Create table using delta table builder pi:

from delta.tables import *

DeltaTable.create(spark) \
  .tableName("default.ManagedProducts") \
  .addColumn("Productid", "INT") \
  .addColumn("ProductName", "STRING") \
  .addColumn("Category", "STRING") \
  .addColumn("Price", "FLOAT") \
  .execute()

Fetch data from table:

%sql

SELECT orderid, salestotal
FROM ManagedSalesOrders

Use delta lake for streaming the data:

Spark includes native support for streaming data through Spark Structured Streaming, an API that is based on a boundless dataframe in which streaming data is captured for processing. A Spark Structured Streaming dataframe can read data from many different kinds of streaming source, including network ports, real time message brokering services such as Azure Event Hubs or Kafka, or file system locations.

Streaming with delta lake:

You can use a Delta Lake table as a source or a sink for Spark Structured Streaming. For example, you could capture a stream of real time data from an IoT device and write the stream directly to a Delta Lake table as a sink - enabling you to query the table to see the latest streamed data. Or, you could read a Delta Table as a streaming source, enabling you to constantly report new data as it is added to the table.

Using a Delta Lake table as a streaming source

 A stream is created that reads data from the Delta Lake table folder as new data is appended

from pyspark.sql.types import *
from pyspark.sql.functions import *

# Load a streaming dataframe from the Delta Table
stream_df = spark.readStream.format("delta") \
    .option("ignoreChanges", "true") \
    .load("/delta/internetorders")

# Now you can process the streaming data in the dataframe
# for example, show it:
stream_df.show()
After reading the data from the Delta Lake table into a streaming dataframe, you can use the Spark Structured Streaming API to process it.

Using a Delta Lake table as a streaming sink

from pyspark.sql.types import *
from pyspark.sql.functions import *

# Create a stream that reads JSON data from a folder
streamFolder = '/streamingdata/'
jsonSchema = StructType([
    StructField("device", StringType(), False),
    StructField("status", StringType(), False)
])
stream_df = spark.readStream.schema(jsonSchema).option("maxFilesPerTrigger", 1).json(inputPath)

# Write the stream to a delta table
table_path = '/delta/devicetable'
checkpoint_path = '/delta/checkpoint'
delta_stream = stream_df.writeStream.format("delta").option("checkpointLocation", checkpoint_path).start(table_path)

After the streaming process has started, you can query the Delta Lake table to which the streaming output is being written to see the latest data.

%sql

CREATE TABLE DeviceTable
USING DELTA
LOCATION '/delta/devicetable';

SELECT device, status
FROM DeviceTable;

To stop the stream of data being written to the Delta Lake table, you can use the stop method of the streaming query:

delta_stream.stop()

SQL Ware house with data bricks:

SQL Warehouses (formerly known as SQL Endpoints) provide a relational database interface for data in Azure Databricks. The data is stored in files that are abstracted by Delta tables in a hive metastore, but from the perspective of the user or client application, the SQL Warehouse behaves like a relational database.
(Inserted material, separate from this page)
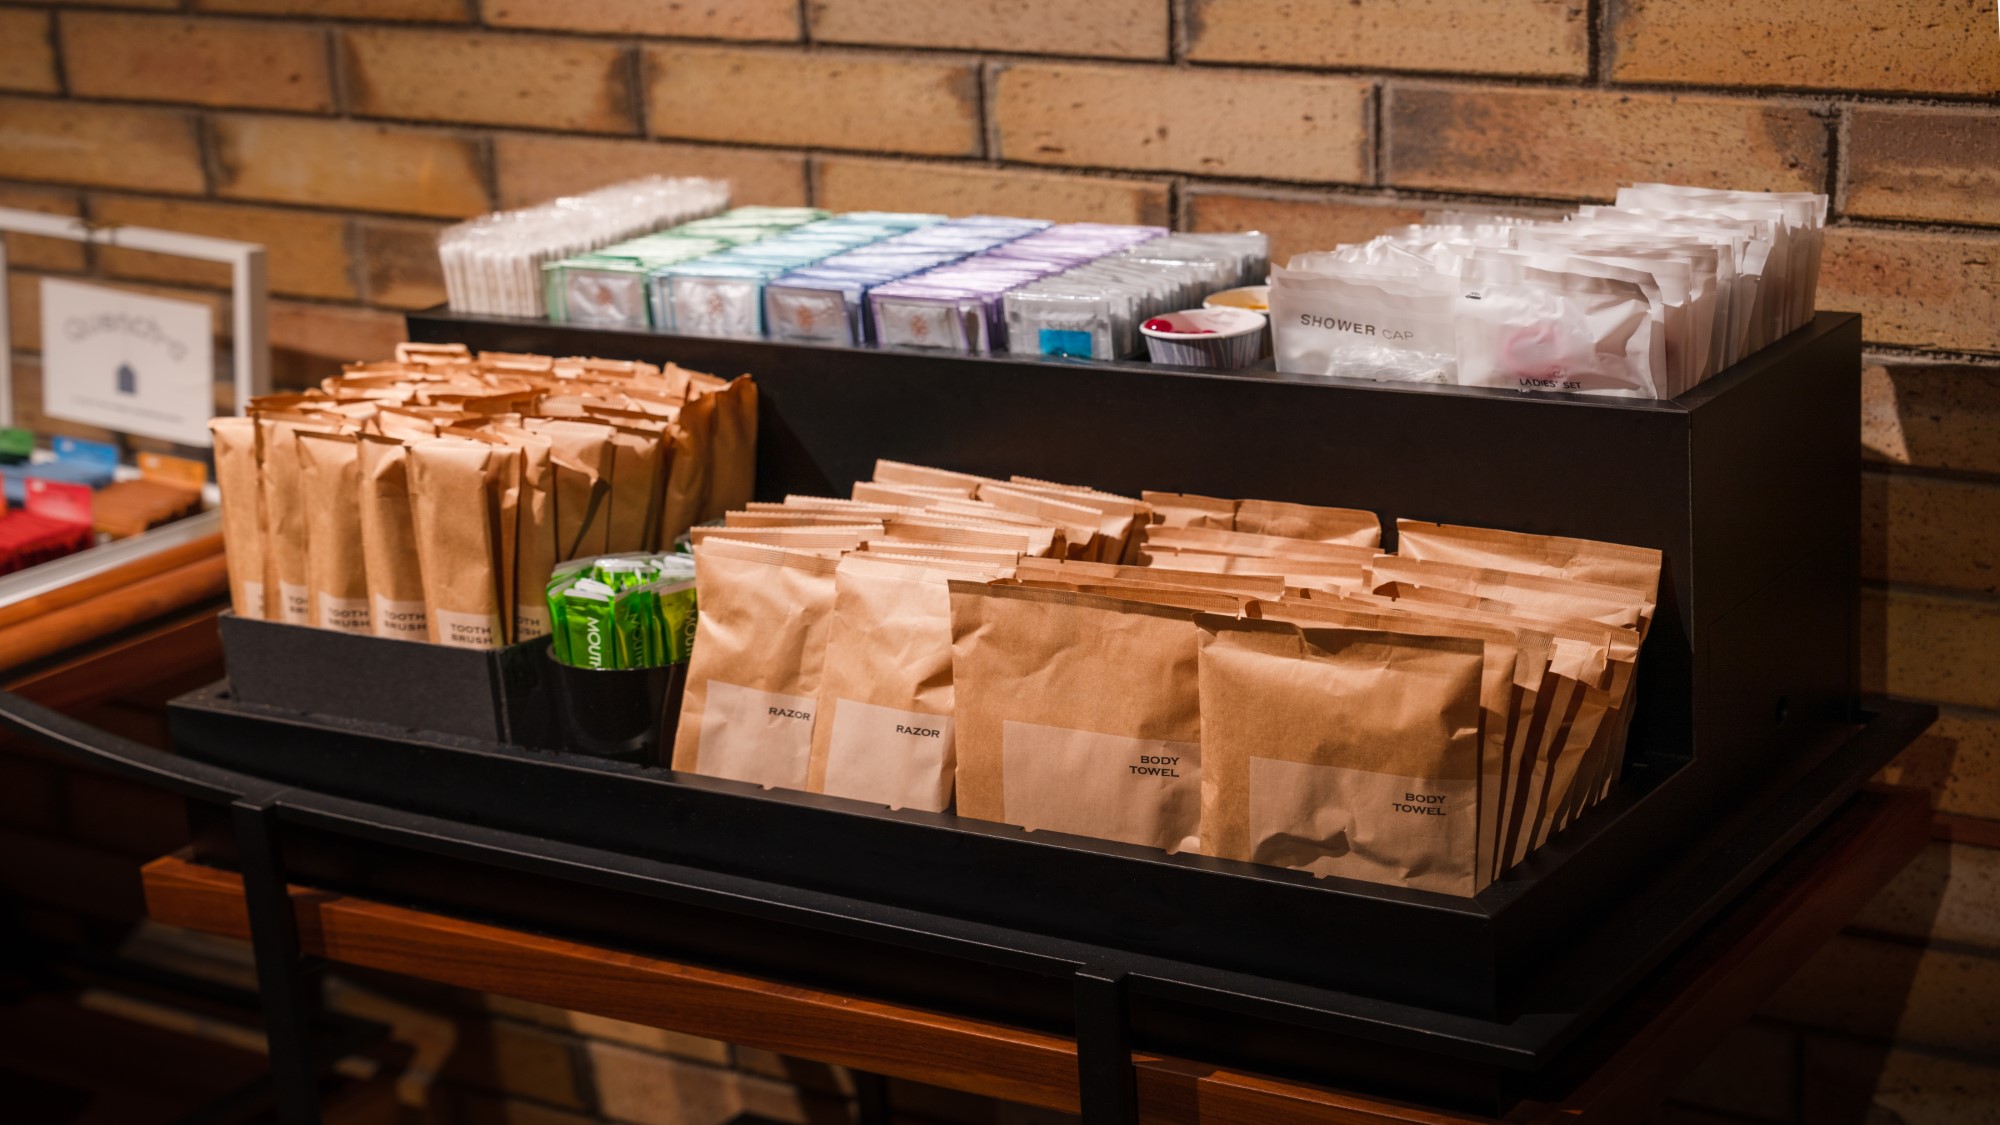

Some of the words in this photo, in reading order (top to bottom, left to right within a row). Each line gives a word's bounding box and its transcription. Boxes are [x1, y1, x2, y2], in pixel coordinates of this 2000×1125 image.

When you create a premium-tier Azure Databricks workspace, it includes a default SQL Warehouse named Starter Warehouse, which you can use to explore sample data and get started with SQL-based data analytics in Azure Databricks.

create schema

CREATE SCHEMA salesdata;

You can use the user interface in the Azure Databricks portal to upload delimited data, or import data from a wide range of common data sources. The imported data is stored in files in Databricks File System (DBFS) storage, and a Delta table is defined for it in the Hive metastore.

CREATE TABLE salesdata.salesorders
(
    orderid INT,
    orderdate DATE,
    customerid INT,
    ordertotal DECIMAL
)
USING DELTA
LOCATION '/data/sales/';

Dashboards

Dashboards enable you to display the results of queries, either as tables of data or as graphical visualizations.

you can schedule the dashboard to refresh is data periodically, and notify subscribers by email that new data is available.